───── DATA SHOWN ─────

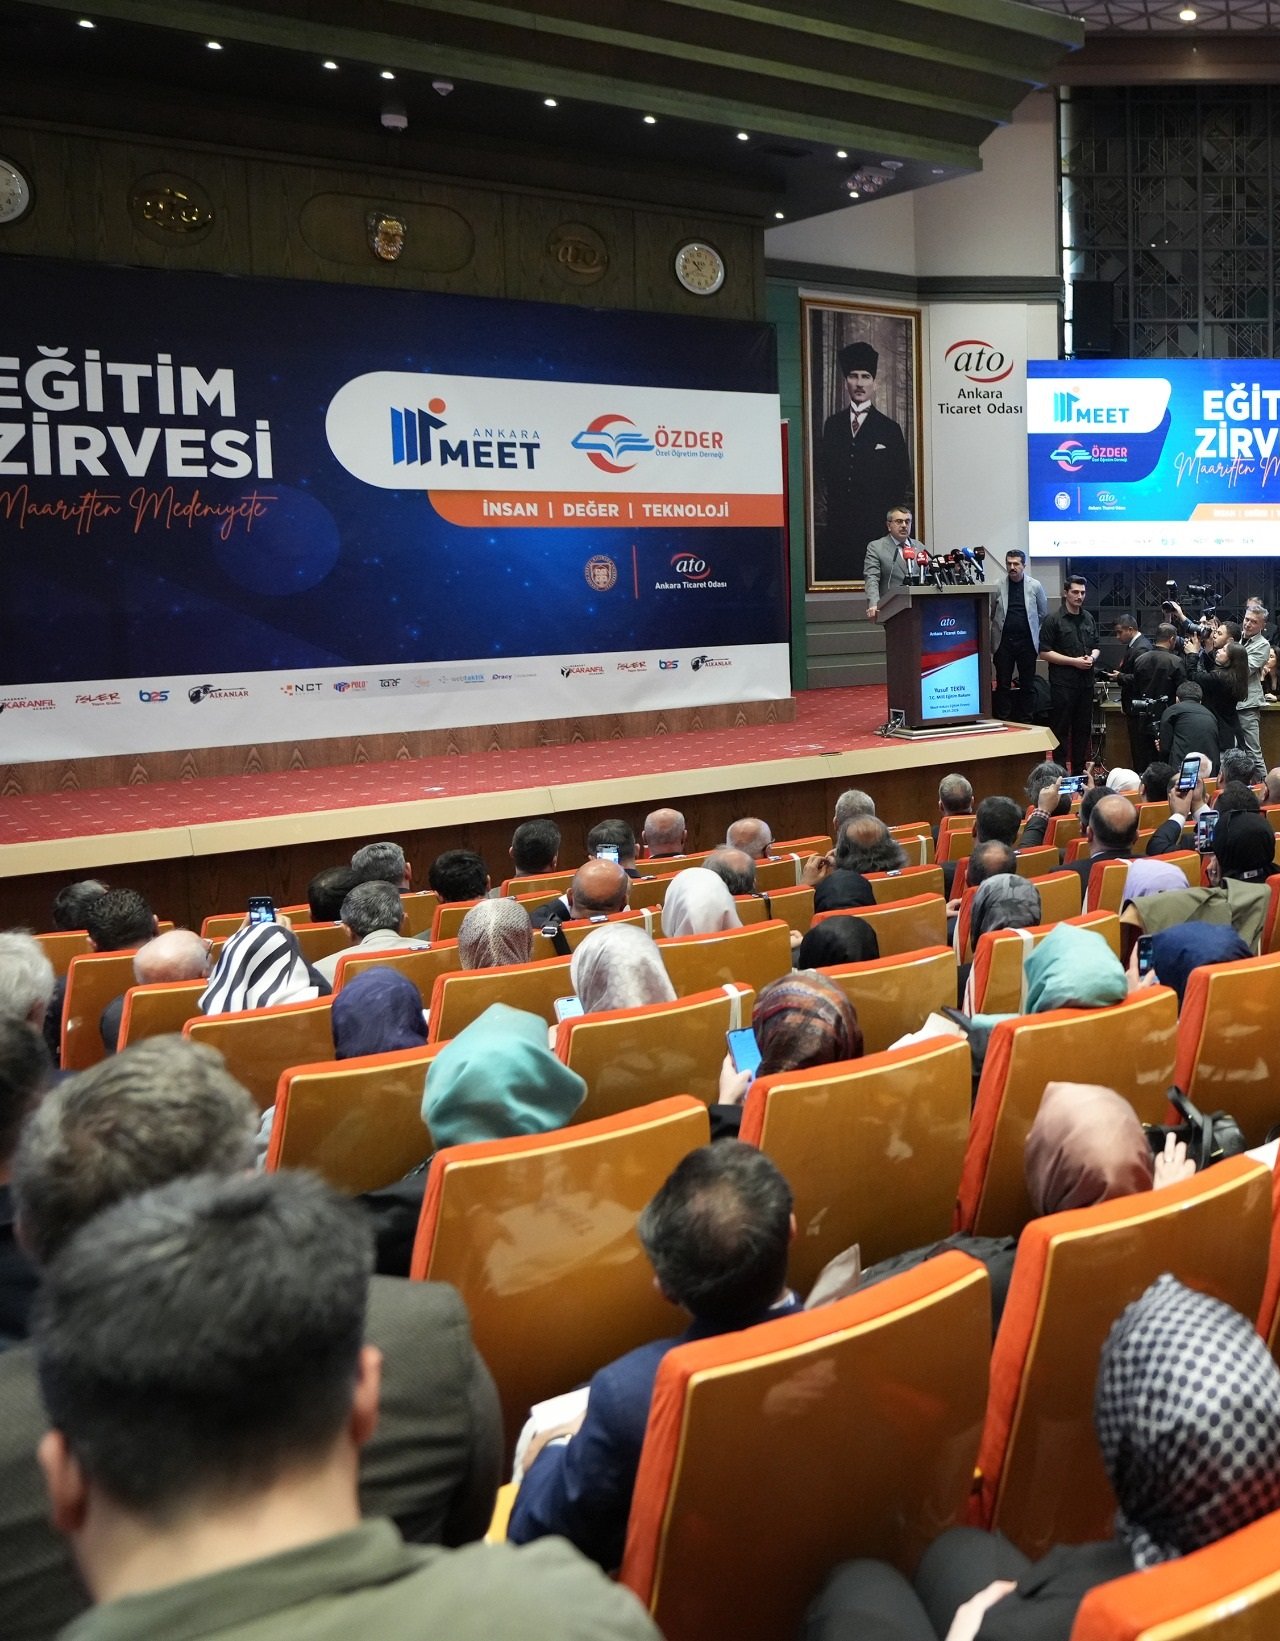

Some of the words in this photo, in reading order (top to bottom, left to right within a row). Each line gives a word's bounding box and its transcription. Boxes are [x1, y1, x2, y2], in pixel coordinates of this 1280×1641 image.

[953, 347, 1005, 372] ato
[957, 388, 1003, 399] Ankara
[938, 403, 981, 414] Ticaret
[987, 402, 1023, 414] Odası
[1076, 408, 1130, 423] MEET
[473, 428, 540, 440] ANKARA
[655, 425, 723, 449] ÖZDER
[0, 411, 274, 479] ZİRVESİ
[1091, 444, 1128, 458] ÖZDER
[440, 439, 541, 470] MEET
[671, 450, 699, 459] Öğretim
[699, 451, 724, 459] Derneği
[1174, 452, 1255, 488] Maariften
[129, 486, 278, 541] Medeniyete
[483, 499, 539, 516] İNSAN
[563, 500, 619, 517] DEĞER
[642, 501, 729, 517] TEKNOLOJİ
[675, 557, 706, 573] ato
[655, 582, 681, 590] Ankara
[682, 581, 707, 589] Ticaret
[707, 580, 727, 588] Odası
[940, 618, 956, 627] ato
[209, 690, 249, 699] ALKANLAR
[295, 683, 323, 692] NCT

─────

- TASK OBJECTIVE: For this exercise, please reproduce the records above exactly and drop the images.

- SOLUTION:
Some of the words in this photo, in reading order (top to bottom, left to right within a row). Each line gives a word's bounding box and its transcription. Boxes are [x1, y1, x2, y2], in pixel coordinates of this 1280×1641 image.

[953, 347, 1005, 372] ato
[957, 388, 1003, 399] Ankara
[938, 403, 981, 414] Ticaret
[987, 402, 1023, 414] Odası
[1076, 408, 1130, 423] MEET
[473, 428, 540, 440] ANKARA
[655, 425, 723, 449] ÖZDER
[0, 411, 274, 479] ZİRVESİ
[1091, 444, 1128, 458] ÖZDER
[440, 439, 541, 470] MEET
[671, 450, 699, 459] Öğretim
[699, 451, 724, 459] Derneği
[1174, 452, 1255, 488] Maariften
[129, 486, 278, 541] Medeniyete
[483, 499, 539, 516] İNSAN
[563, 500, 619, 517] DEĞER
[642, 501, 729, 517] TEKNOLOJİ
[675, 557, 706, 573] ato
[655, 582, 681, 590] Ankara
[682, 581, 707, 589] Ticaret
[707, 580, 727, 588] Odası
[940, 618, 956, 627] ato
[209, 690, 249, 699] ALKANLAR
[295, 683, 323, 692] NCT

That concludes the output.